With the presidential election looming, much of the public discussion is focused on the race for the White House. However, control of the executive branch is not the only important contest this November, as 33 U.S. senate seats are also up for grabs — and popularity among constituents is critical for the incumbents who wish to remain in office.
Senators serve the residents of their home state in Washington by crafting and voting on new legislation and by approving or rejecting cabinet and judicial nominations made by the president. Like other elected officials, their popularity is subject to a wide range of factors, including, but not limited to, their positions on political issues, perceptions of the economic health of their home state, scandals they might be involved in, and their personality.

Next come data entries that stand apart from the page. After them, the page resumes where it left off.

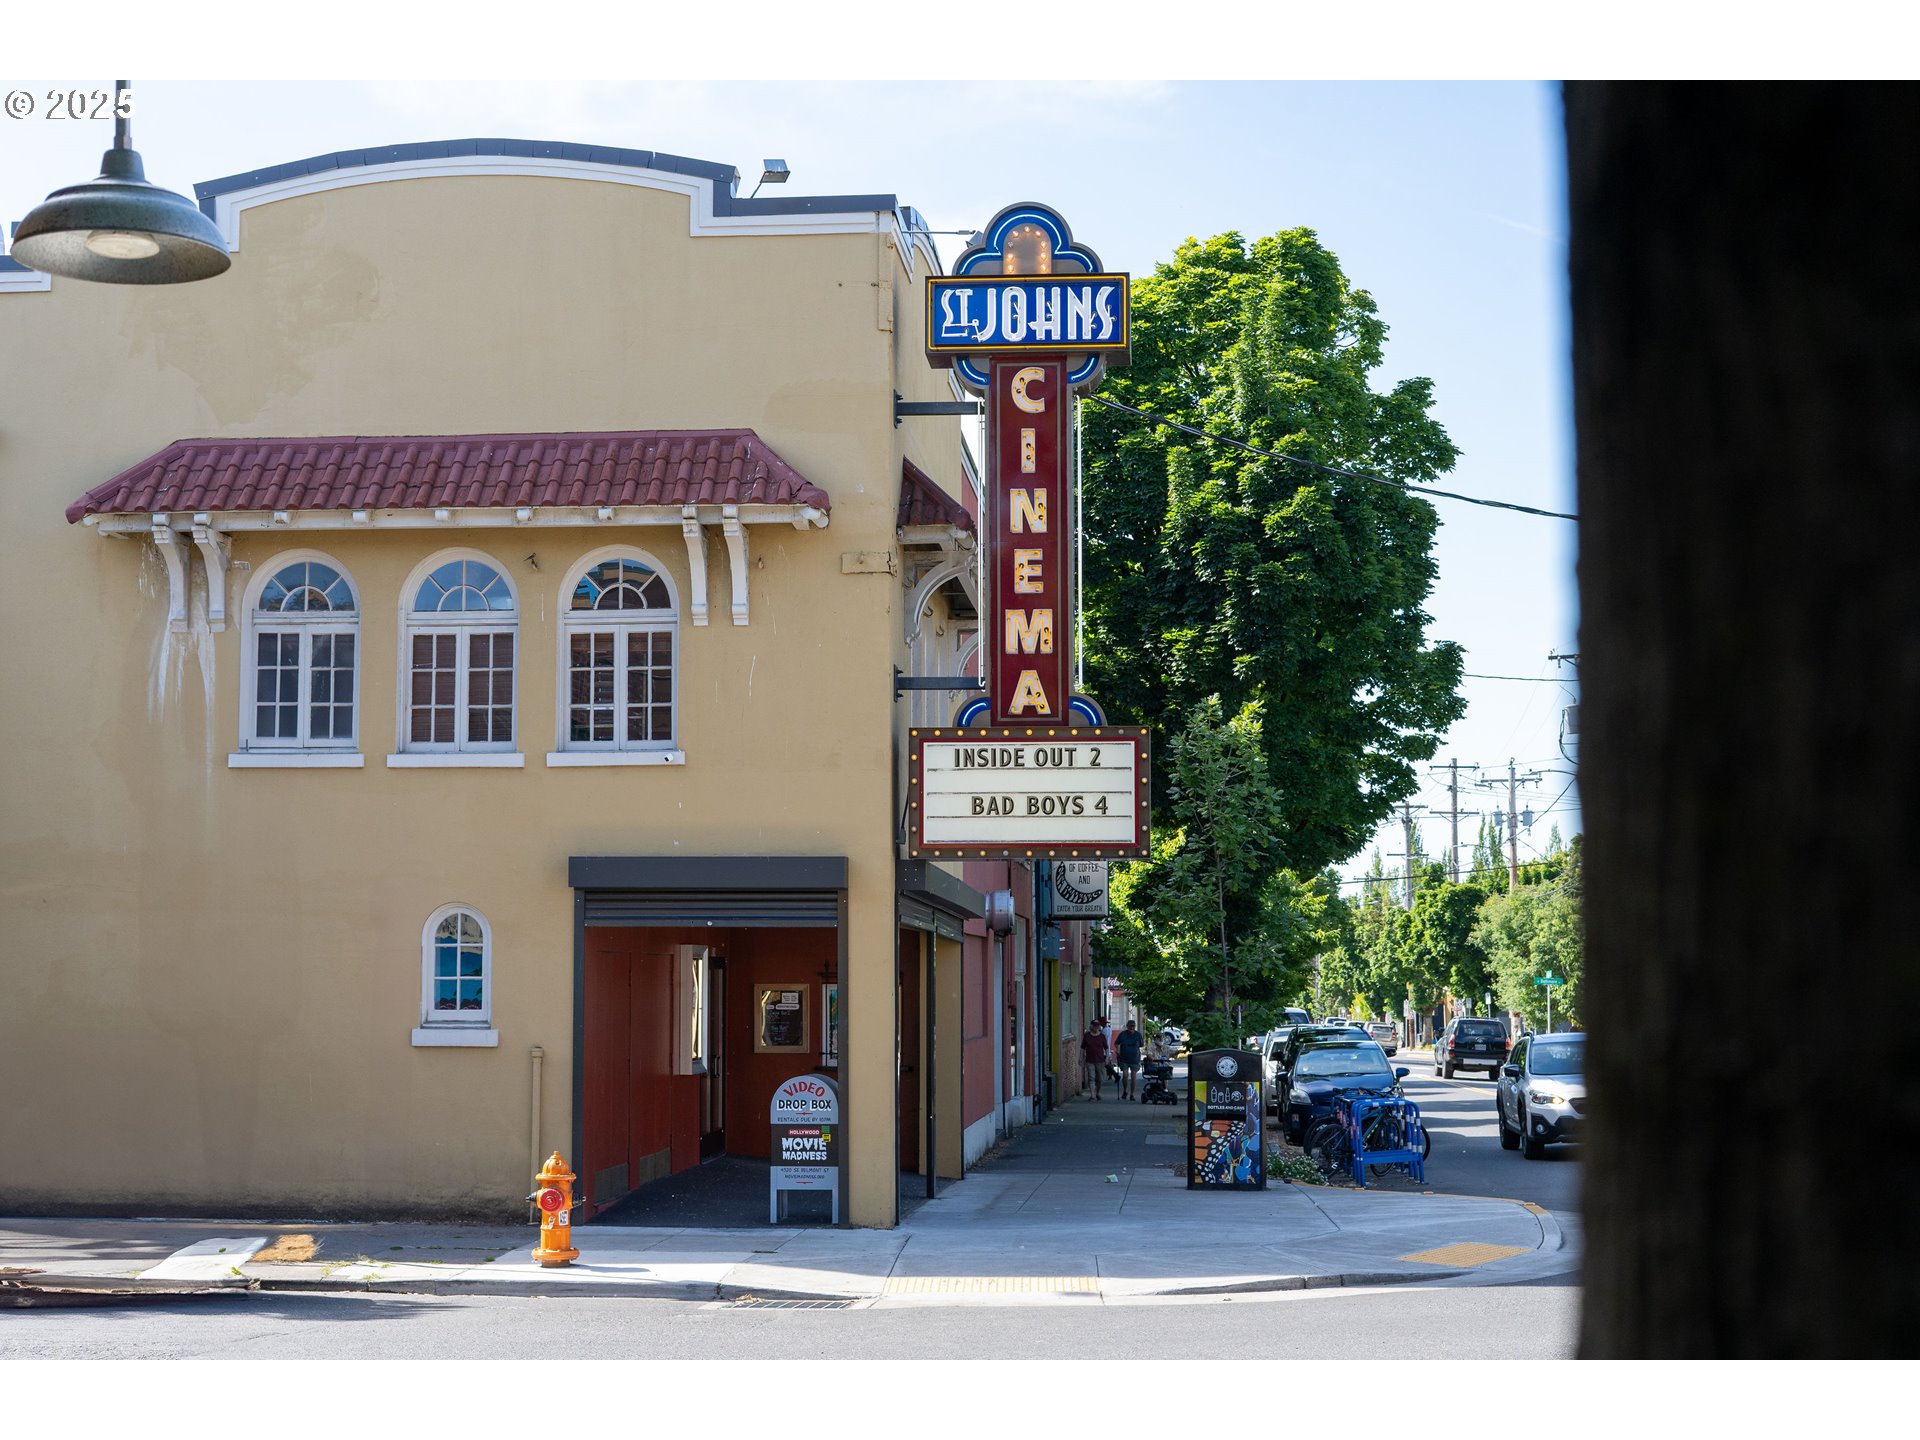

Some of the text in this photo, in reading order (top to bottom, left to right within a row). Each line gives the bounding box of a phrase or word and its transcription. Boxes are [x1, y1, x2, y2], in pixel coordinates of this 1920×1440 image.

[974, 286, 1114, 342] JOHNS
[1005, 367, 1053, 715] CINEMA
[954, 747, 1101, 768] INSIDE OUT 2
[971, 795, 1108, 815] BAD BOYS 4
[1068, 863, 1100, 873] OF COFFEE
[1078, 875, 1091, 885] AND
[783, 1081, 825, 1097] VIDEO
[777, 1099, 832, 1111] DROP BOX
[781, 1137, 827, 1151] MOVIE
[782, 1151, 827, 1161] MADNESS

24/7 Wall St. reviewed public opinion data from research company Morning Consult to rank U.S. senators from most to least popular. Senator approval ratings are based on survey data collected during the fourth quarter of 2019 and range from 34% to 65%. It is important to note that one senator on this list, Johnny Isakson, a Republican from Georgia, left office citing health concerns in 2019 and was replaced by Sen. Kelly Loeffler.

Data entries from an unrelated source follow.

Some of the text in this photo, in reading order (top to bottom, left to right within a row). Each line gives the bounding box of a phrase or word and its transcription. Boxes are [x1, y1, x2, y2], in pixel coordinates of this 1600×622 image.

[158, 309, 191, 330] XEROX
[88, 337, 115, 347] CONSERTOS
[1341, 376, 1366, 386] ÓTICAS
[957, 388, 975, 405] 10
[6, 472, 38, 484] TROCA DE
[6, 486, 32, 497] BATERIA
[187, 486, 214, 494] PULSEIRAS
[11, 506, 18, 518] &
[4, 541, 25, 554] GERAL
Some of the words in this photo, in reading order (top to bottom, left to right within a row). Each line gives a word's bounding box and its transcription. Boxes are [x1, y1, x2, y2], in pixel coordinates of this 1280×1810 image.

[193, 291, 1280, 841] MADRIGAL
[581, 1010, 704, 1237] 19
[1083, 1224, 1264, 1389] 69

Additionally, because this data was compiled at the end of 2019, it does not reflect any potential shifts in public opinion brought on by the COVID-19 pandemic — which, while first and foremost is a public health crisis, has also become a hot-button political issue. This is how federal funding failed to match each state’s COVID outbreak.
Unlike presidents and governors of many states, U.S. senators are not restricted by term limits and can keep their job as long as they remain popular and in good health. Throughout history, dozens of senators have served for multiple decades. Nine senators, including one sitting senator, Patrick Leahy of Vermont, have served for over 40 years.
Maintaining a broad public approval base is the most effective way for senators to remain in office. Still, in areas where many eligible voters do not turn out on election day, controversial and even unpopular lawmakers can still win elections. In 24 states, voter participation rates were below 50% in the November 2018 midterm elections. Here is a list of the 50 states ranked by voter turnout.
Not including Sens. Lamar Alexander of Tennessee, Mike Enzi of Wyoming, Pat Roberts of Kansas, and Tom Udall of New Mexico, who are retiring at the end of their term, 29 senators are running for reelection this year. And 24 of them have approval ratings below 50%.